··· EXTRACTED MATERIAL

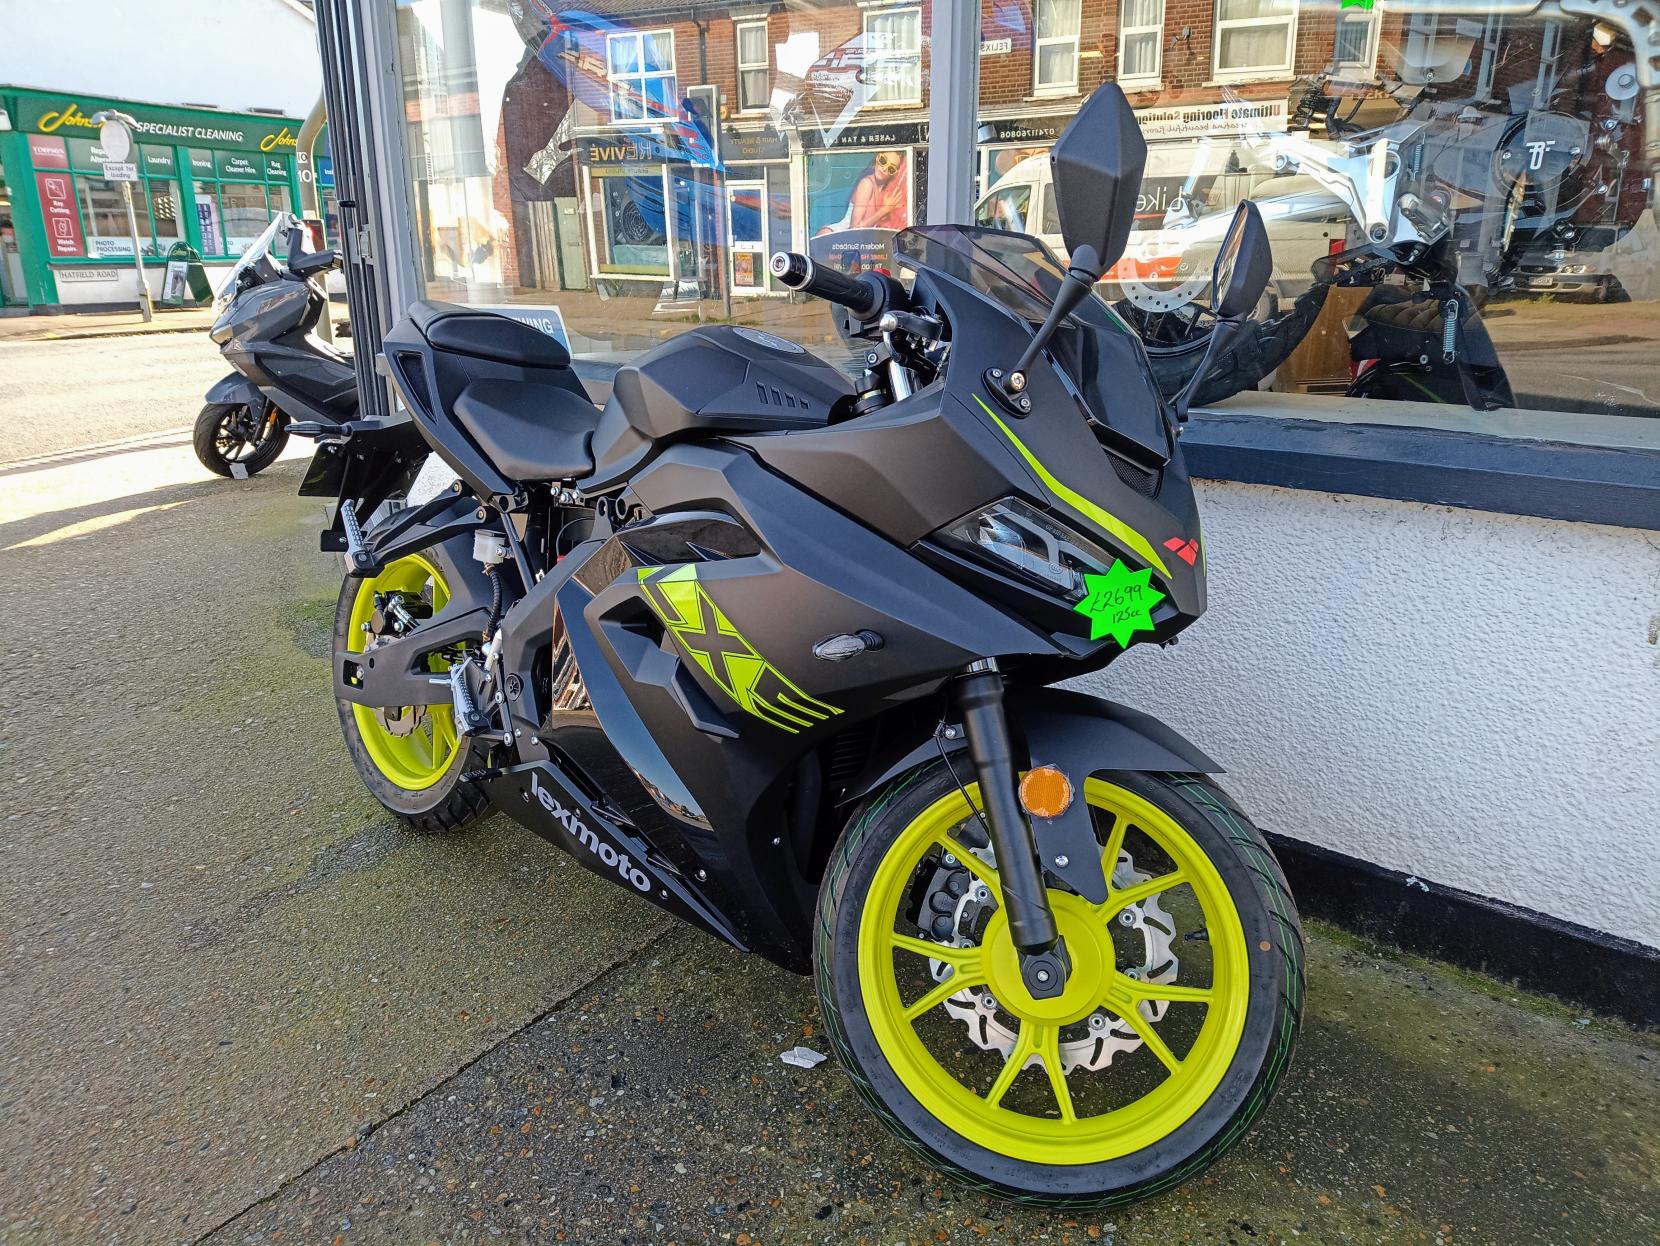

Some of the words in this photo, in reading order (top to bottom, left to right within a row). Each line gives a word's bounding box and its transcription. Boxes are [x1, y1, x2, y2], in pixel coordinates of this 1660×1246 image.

[38, 103, 105, 132] Johns
[136, 121, 195, 138] SPECIALIST
[194, 126, 244, 143] CLEANING
[259, 127, 298, 152] Johns
[147, 155, 171, 165] Laundry
[231, 157, 249, 166] Carpet
[270, 160, 281, 169] Rug
[105, 164, 124, 172] Except
[225, 165, 244, 174] Cleaner
[266, 168, 287, 177] Cleaning
[297, 169, 312, 183] 10
[61, 271, 95, 279] HATFIELD
[97, 270, 116, 279] ROAD
[1089, 584, 1143, 614] £2699
[1112, 606, 1144, 624] 125cc
[531, 771, 651, 893] lexmoto

······

▶ _PROBLEM TO WORK ON_: Set the records down again exactly, with no pictures.

▶ _WRITTEN RESPONSE_:
Some of the words in this photo, in reading order (top to bottom, left to right within a row). Each line gives a word's bounding box and its transcription. Boxes are [x1, y1, x2, y2], in pixel coordinates of this 1660×1246 image.

[38, 103, 105, 132] Johns
[136, 121, 195, 138] SPECIALIST
[194, 126, 244, 143] CLEANING
[259, 127, 298, 152] Johns
[147, 155, 171, 165] Laundry
[231, 157, 249, 166] Carpet
[270, 160, 281, 169] Rug
[105, 164, 124, 172] Except
[225, 165, 244, 174] Cleaner
[266, 168, 287, 177] Cleaning
[297, 169, 312, 183] 10
[61, 271, 95, 279] HATFIELD
[97, 270, 116, 279] ROAD
[1089, 584, 1143, 614] £2699
[1112, 606, 1144, 624] 125cc
[531, 771, 651, 893] lexmoto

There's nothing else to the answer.